■ Exercise requirements: Output only the entries, exactly as given, without the pictures.

■ Study material:
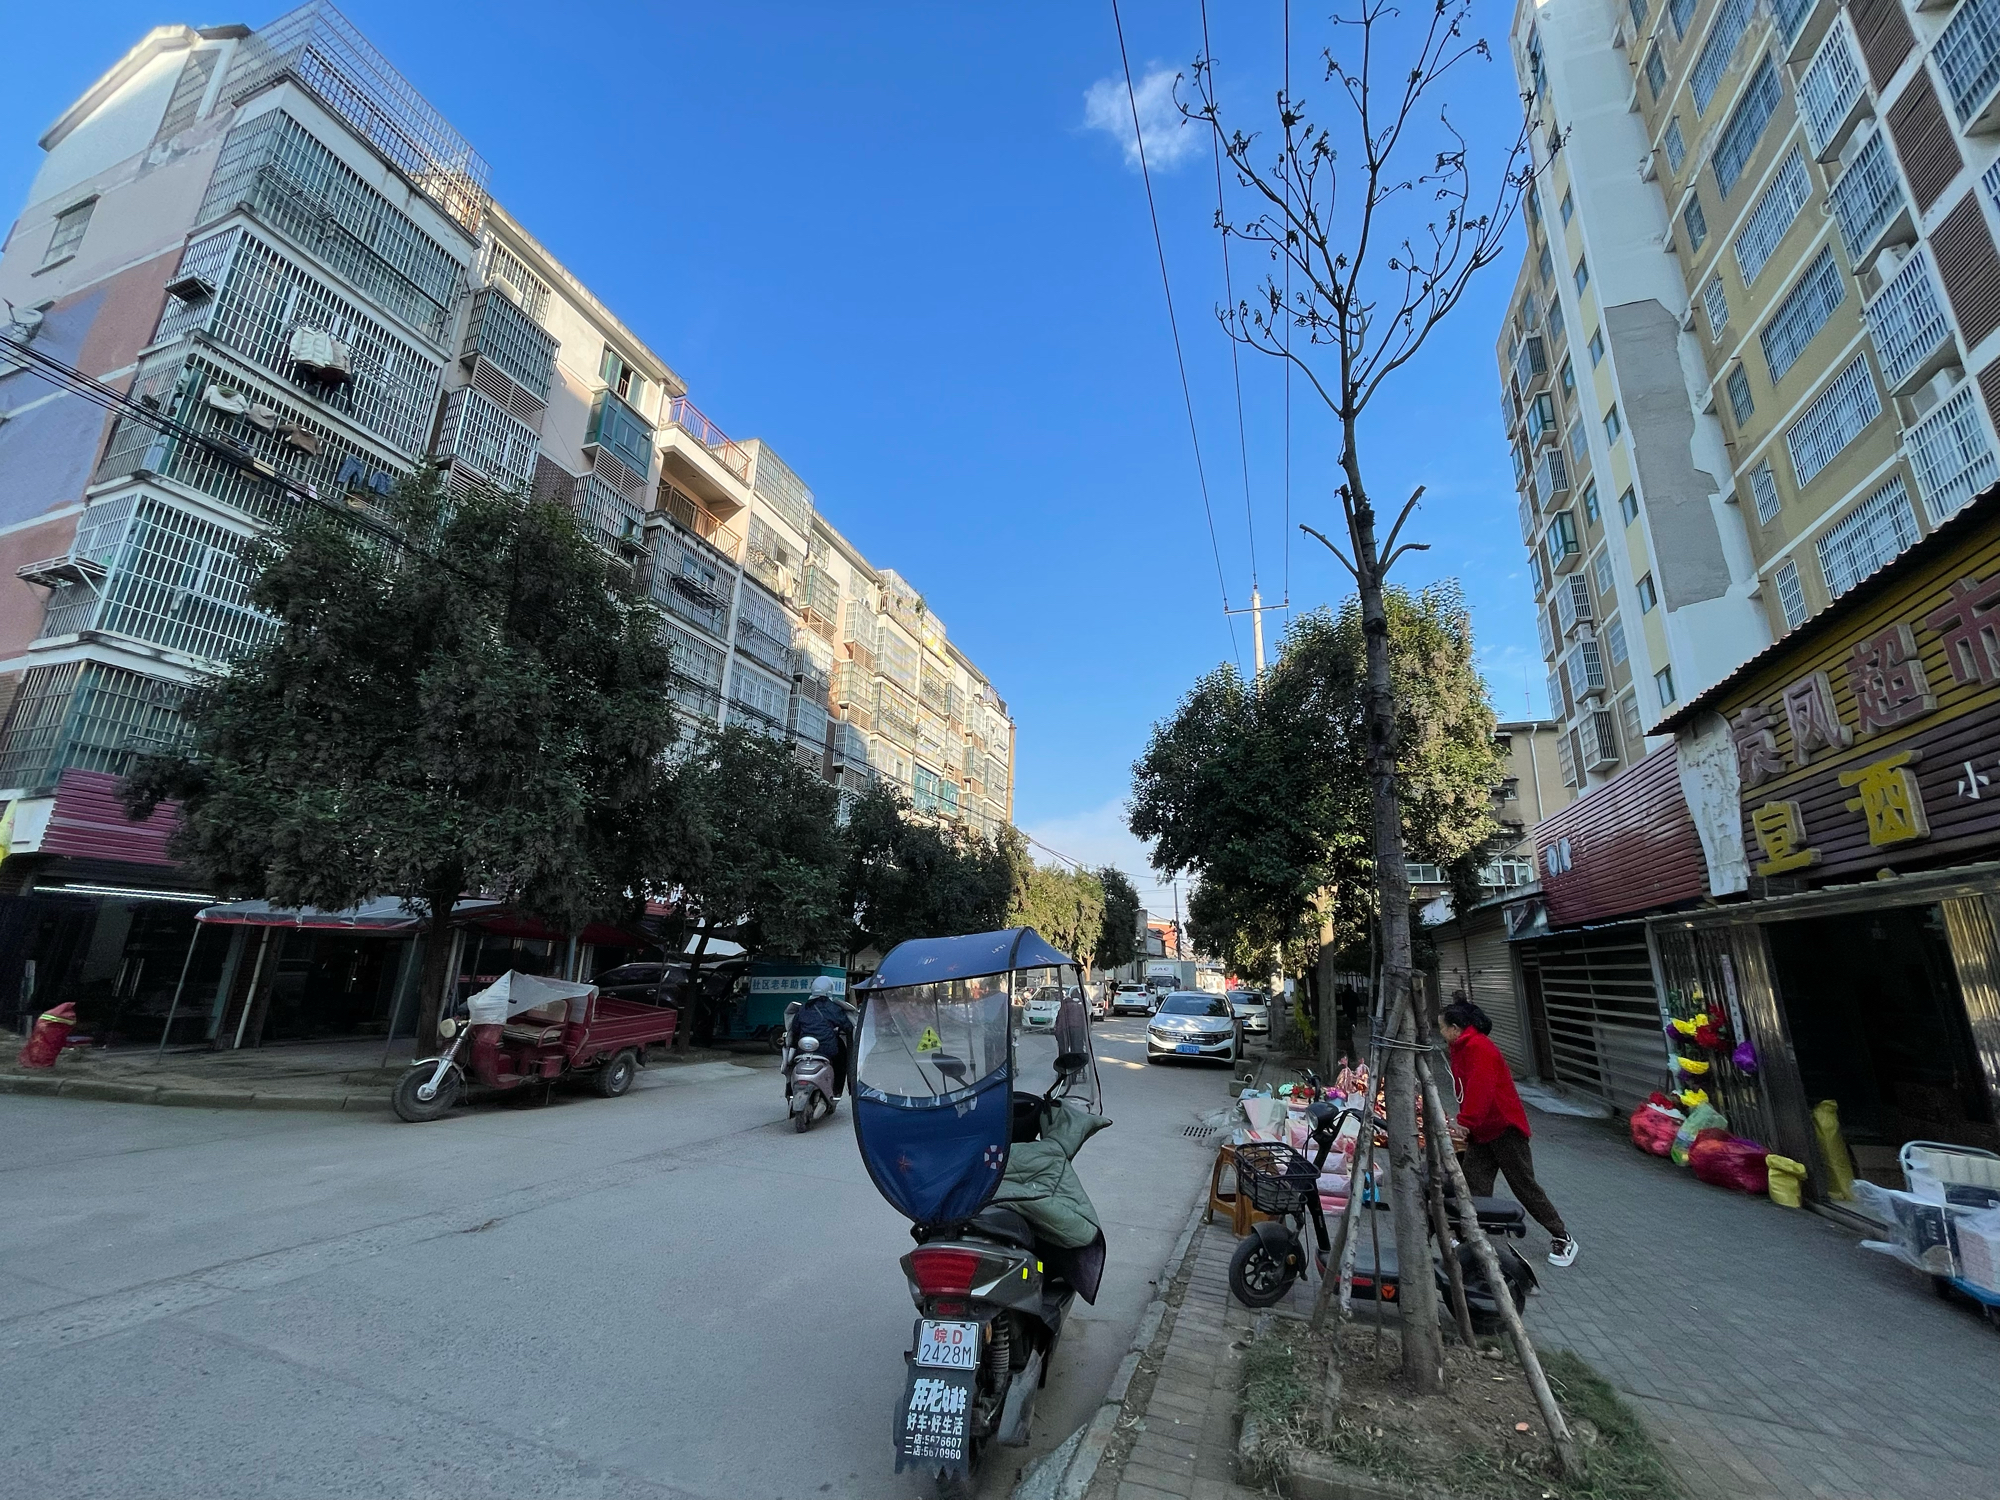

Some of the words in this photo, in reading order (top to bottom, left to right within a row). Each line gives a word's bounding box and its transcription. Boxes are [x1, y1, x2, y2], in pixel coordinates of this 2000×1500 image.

[753, 979, 814, 990] 社区老年助餐
[922, 1344, 972, 1365] 2428M
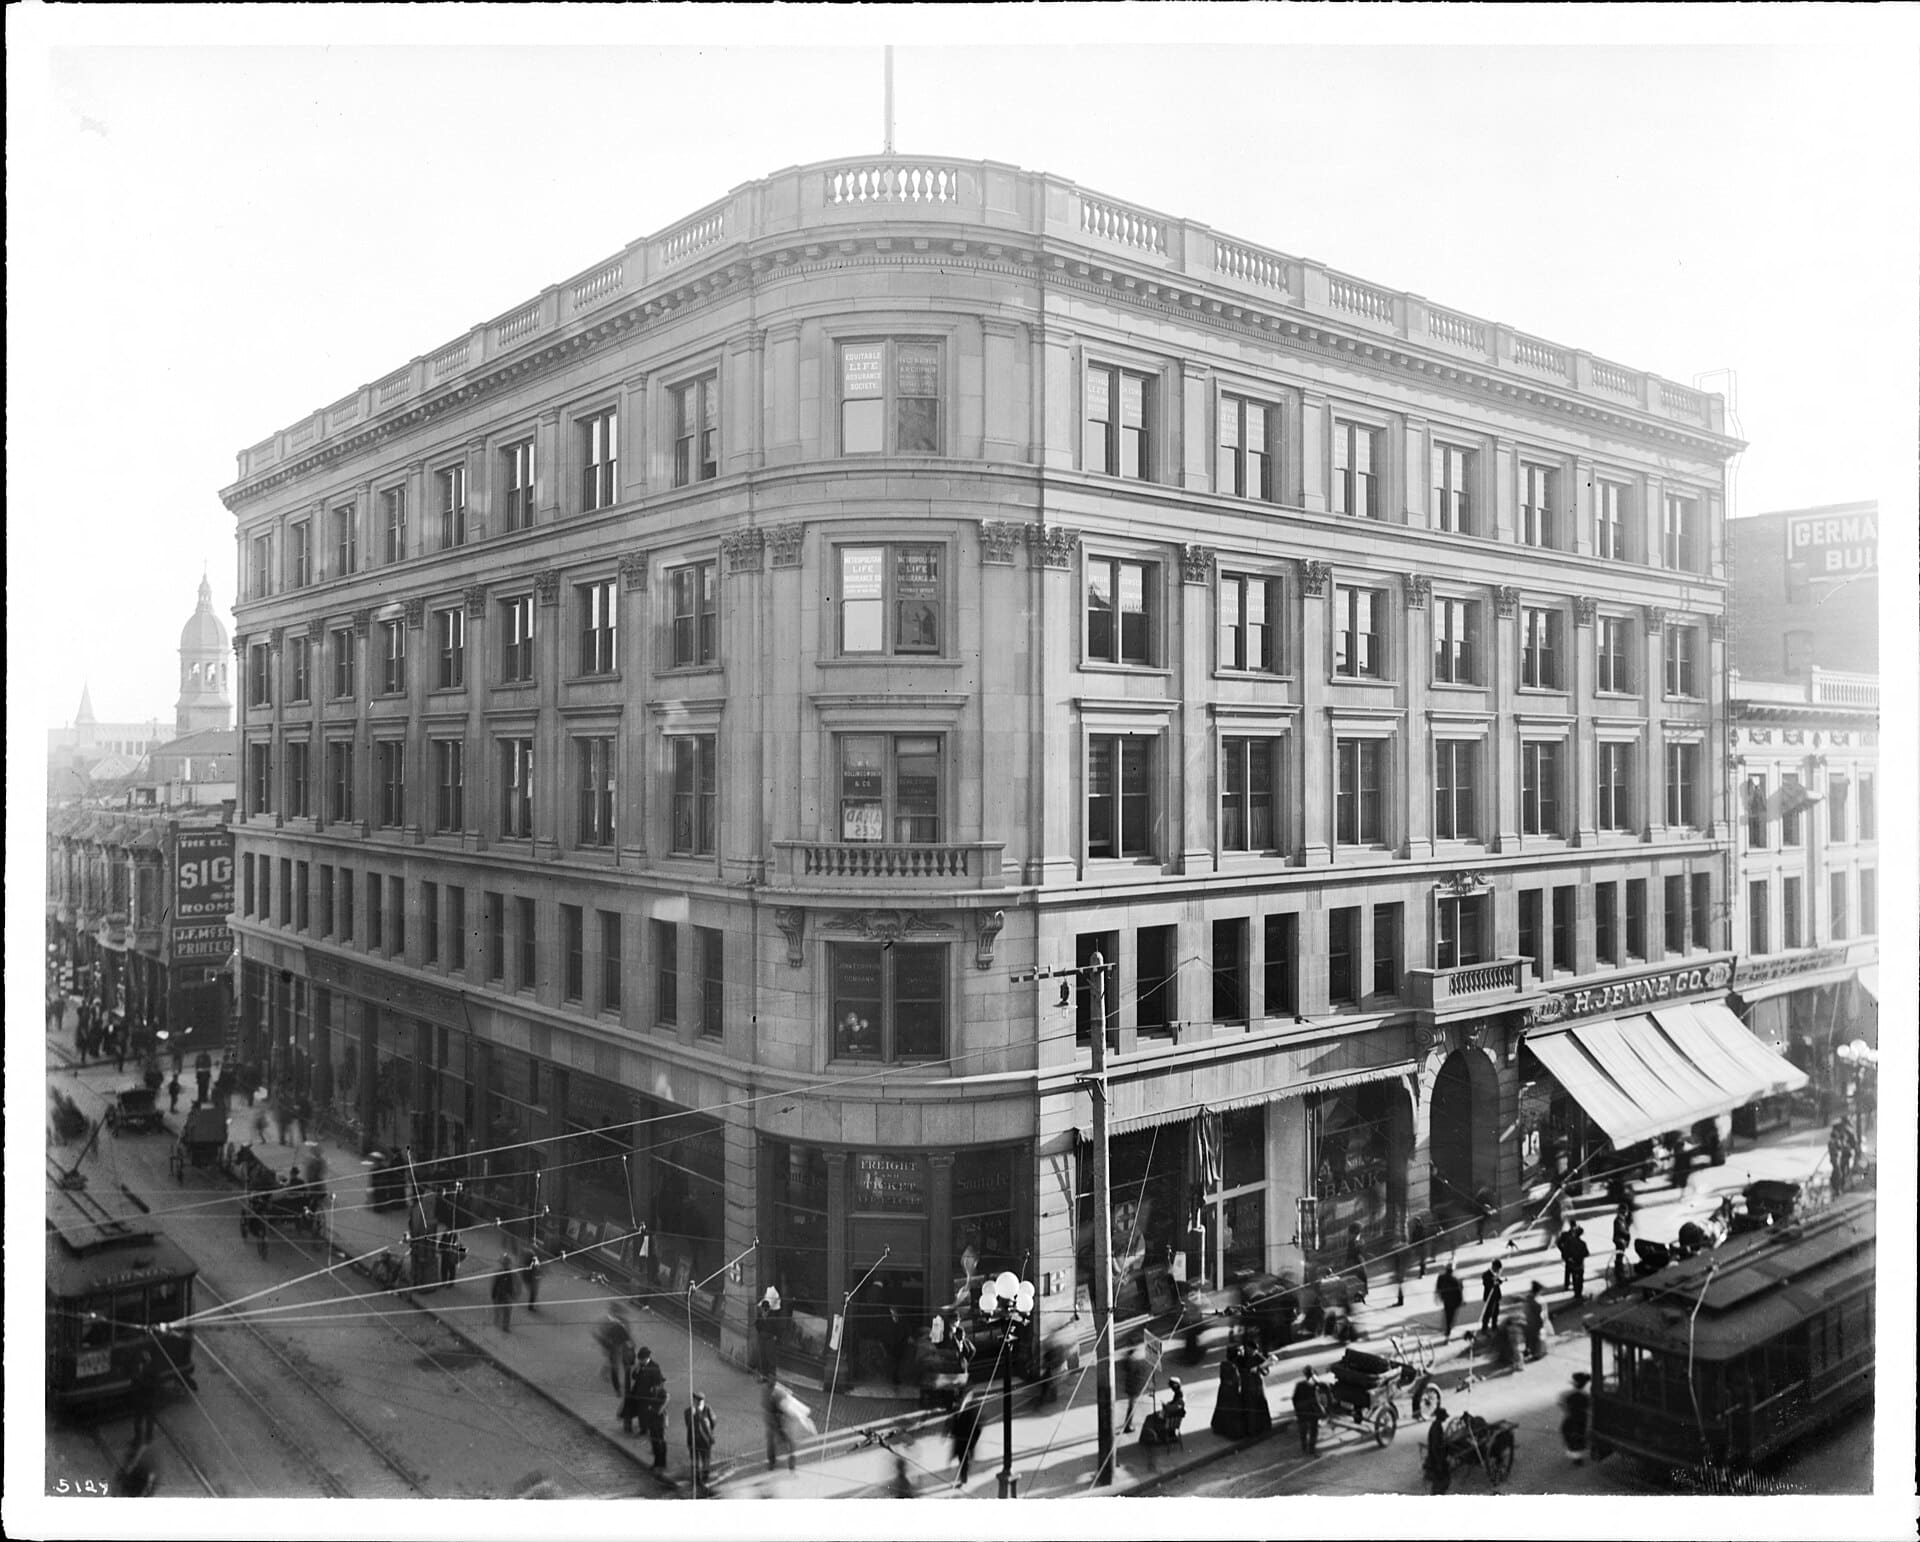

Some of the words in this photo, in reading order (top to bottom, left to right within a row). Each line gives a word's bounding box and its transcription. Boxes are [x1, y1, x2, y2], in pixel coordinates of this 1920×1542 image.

[849, 362, 878, 371] LIFE
[852, 565, 874, 574] LIFE
[906, 565, 928, 574] LIFE
[1596, 976, 1671, 1007] JEVNE
[861, 1160, 918, 1171] FREIGHT
[1325, 1172, 1379, 1199] BANK

■ Exercise response:
Some of the words in this photo, in reading order (top to bottom, left to right within a row). Each line gives a word's bounding box and its transcription. Boxes are [x1, y1, x2, y2], in pixel coordinates of this 2000×1500 image.

[753, 979, 814, 990] 社区老年助餐
[922, 1344, 972, 1365] 2428M

Some of the words in this photo, in reading order (top to bottom, left to right within a row). Each line gives a word's bounding box and its transcription. Boxes are [x1, y1, x2, y2], in pixel coordinates of this 1920×1542 image.

[849, 362, 878, 371] LIFE
[852, 565, 874, 574] LIFE
[906, 565, 928, 574] LIFE
[1596, 976, 1671, 1007] JEVNE
[861, 1160, 918, 1171] FREIGHT
[1325, 1172, 1379, 1199] BANK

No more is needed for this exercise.